Il arrive assez fréquemment que l’on sollicite mon conseil quant au timing idéal pour vendre une entreprise. Cette question est plus particulièrement posée dans le contexte macro-économique incertain actuel. La crise financière qui secoue nos marchés depuis 2008 a évidemment des répercussions sur l’activité de cession d’entreprise. Voyant les résultats se détériorer ou les perspectives s’assombrir, de nombreux dirigeants de PME se découragent et décident de vendre leur entreprise.

Cette motivation, certes compréhensible, est toutefois dangereuse. Car l’acquéreur aura vite compris le peu de perspectives qu’offre l’entreprise et s’en détournera. Sans cash-flow futur, pas de crédit bancaire, donc les chances de réussir la cession sont minces. Ceux qui pensent pouvoir convaincre l’acheteur en masquant les chiffres perdent généralement toute crédibilité lorsque cette supercherie est découverte avant la cession (audit) ou courent droit au procès si c’est le cas après la cession (par le biais des garanties d’actif et de passif).

Le contexte de crise retient, par contre, une autre frange de candidats-cédants qui craignent que leur entreprise ne se vendra qu’à vil prix, voire pas du tout. S’il est vrai que les acquéreurs et les banquiers sont devenus plus prudents, il ne faut pas exagérer cette crainte. Notre expérience démontre que le marché des fusions et acquisitions reste très actif et que tout bon projet trouve du financement.

La crise amène de nombreux cadres expérimentés et de grande qualité à repositionner leur carrière professionnelle. Certains d’entre eux s’intéressent logiquement à la reprise d’une PME. Certes, la crise financière a eu pour effet que les valorisations ont baissé, mais toutefois dans des proportions limitées et variables selon le secteur.

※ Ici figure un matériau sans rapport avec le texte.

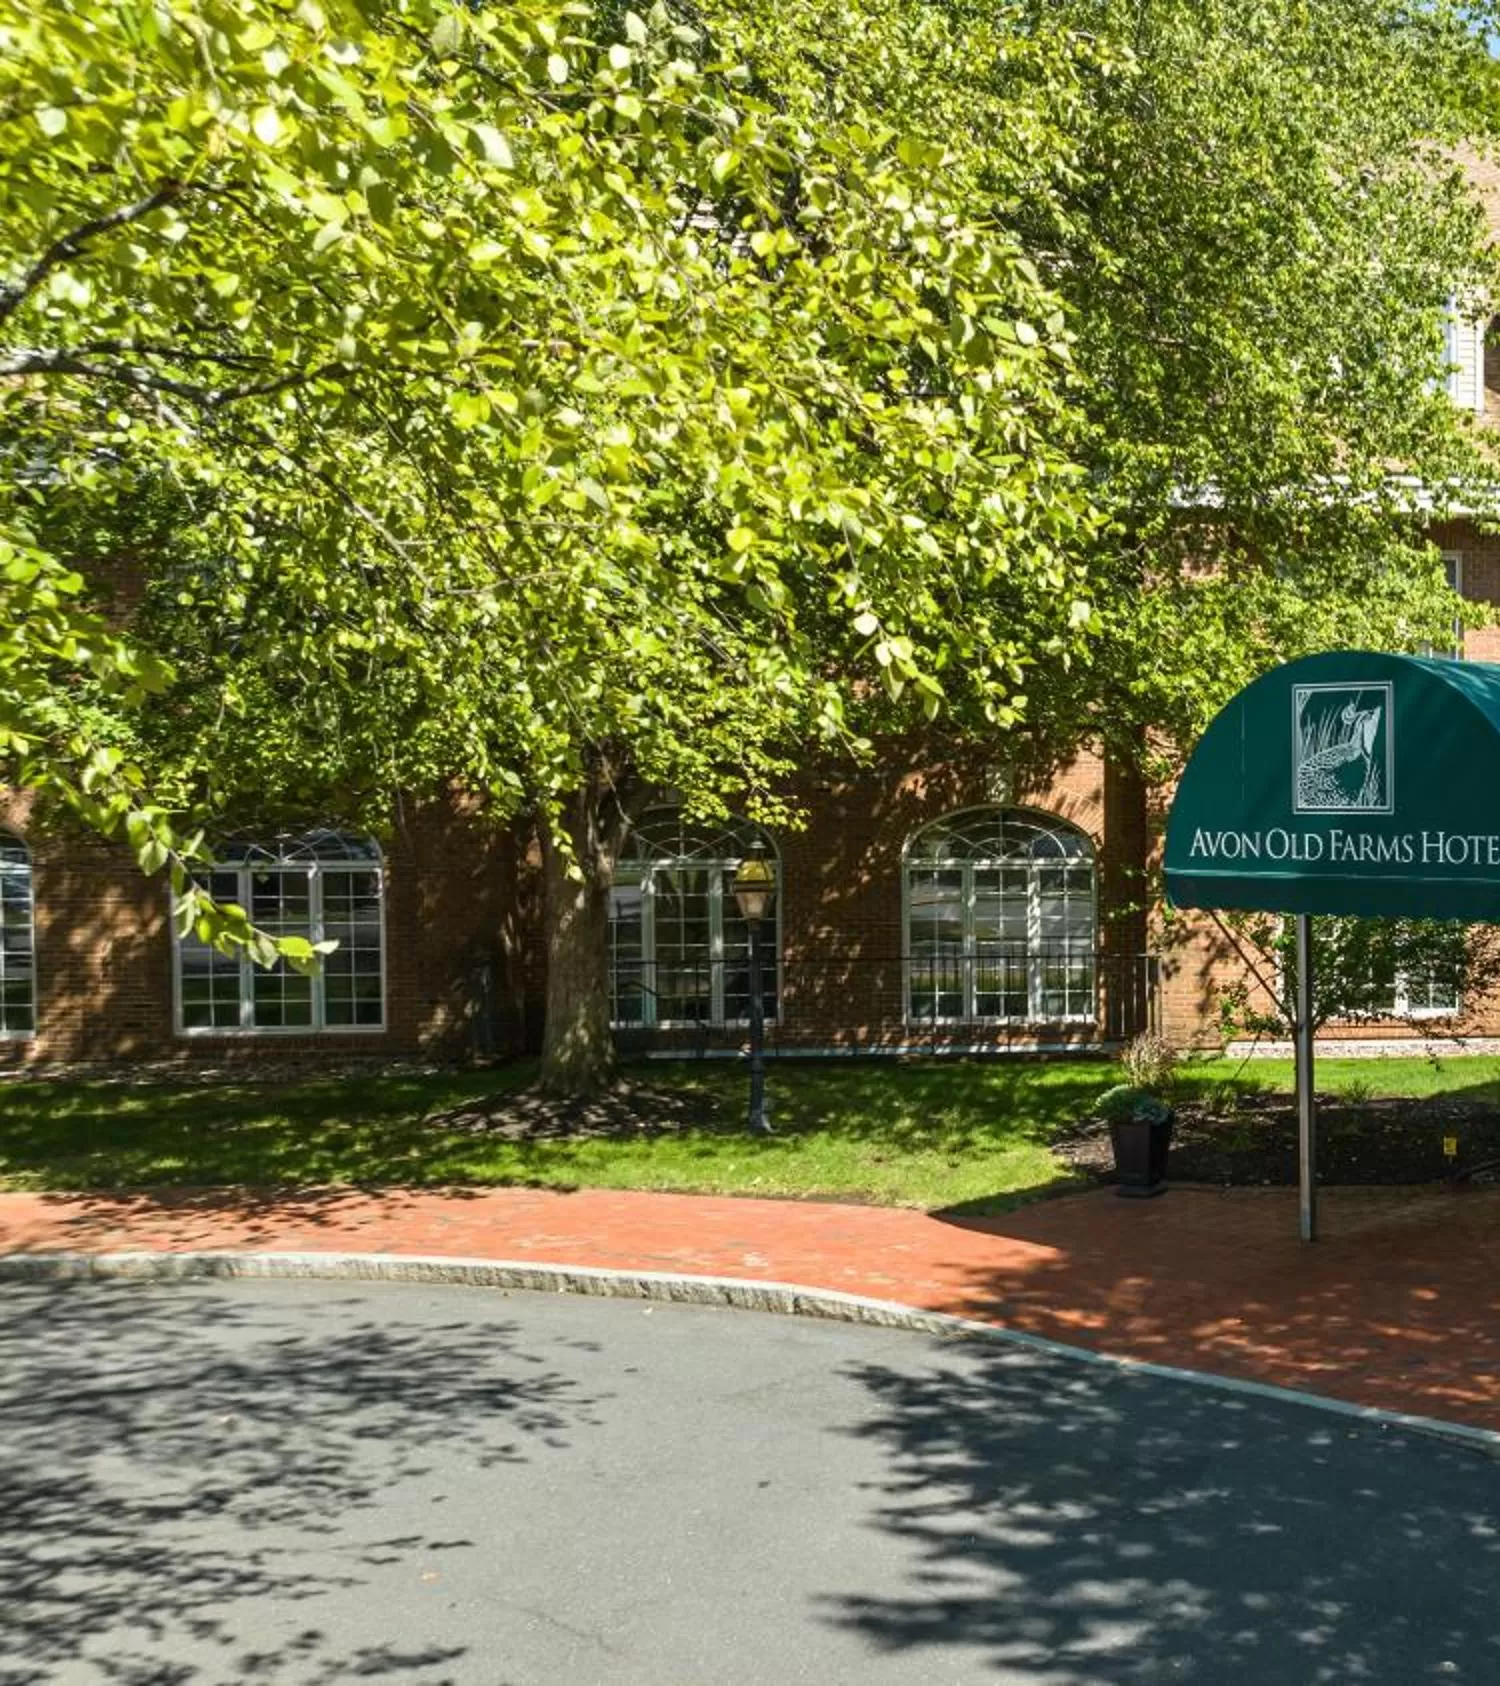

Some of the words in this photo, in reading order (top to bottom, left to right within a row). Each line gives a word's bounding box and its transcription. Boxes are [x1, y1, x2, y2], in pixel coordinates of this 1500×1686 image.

[1189, 827, 1259, 858] AVON
[1264, 827, 1323, 861] OLD
[1328, 829, 1413, 863] FARMS

A ce sujet, il est plus exact de considérer que les prix d’avant-crise étaient déraisonnables et que nous avons finalement connu une correction salutaire. Il me semble dès lors peu probable que les prix futurs augmentent de manière substantielle, à moins de connaître une nouvelle période “d’exubérance irrationnelle” des marchés.

D’autre part, le contexte fiscal actuel rajoute un élément d’incertitude pour celui qui envisage la cession de son entreprise.

Le risque de voir introduire une taxation des plus-values sur titres, pourtant très néfaste pour nos entreprises familiales, a déjà fait l’objet d’un article spécifique (LLE du 11 décembre 2010). Plus récemment, la note Di Rupo est venue malheureusement confirmer ce projet de taxation. Si la probabilité de voir cette taxe s’appliquer dans notre pays augmente, nul ne sait quand elle interviendrait ni quels en seraient les modalités et les taux d’application. Alors, quel est le bon moment de vendre son entreprise ? Faut-il attendre pour céder son affaire, ou au contraire, faut-il avancer au plus vite ? Les considérations macro-économiques et fiscales évoquées ci-dessus, certes non négligeables, me semblent cependant d’une importance secondaire par rapport à l’enjeu réel. Car le timing de la société et de ses actionnaires doit primer sur le contexte ambiant. Combien de petites PME n’ont-elles pas sombré lorsque le dirigeant fut victime d’un accident de santé ? Combien de dirigeants n’ont-ils pas attendu trop longtemps pour vendre, devenant finalement l’otage de leur société ? Il faut savoir tirer sa révérence à temps.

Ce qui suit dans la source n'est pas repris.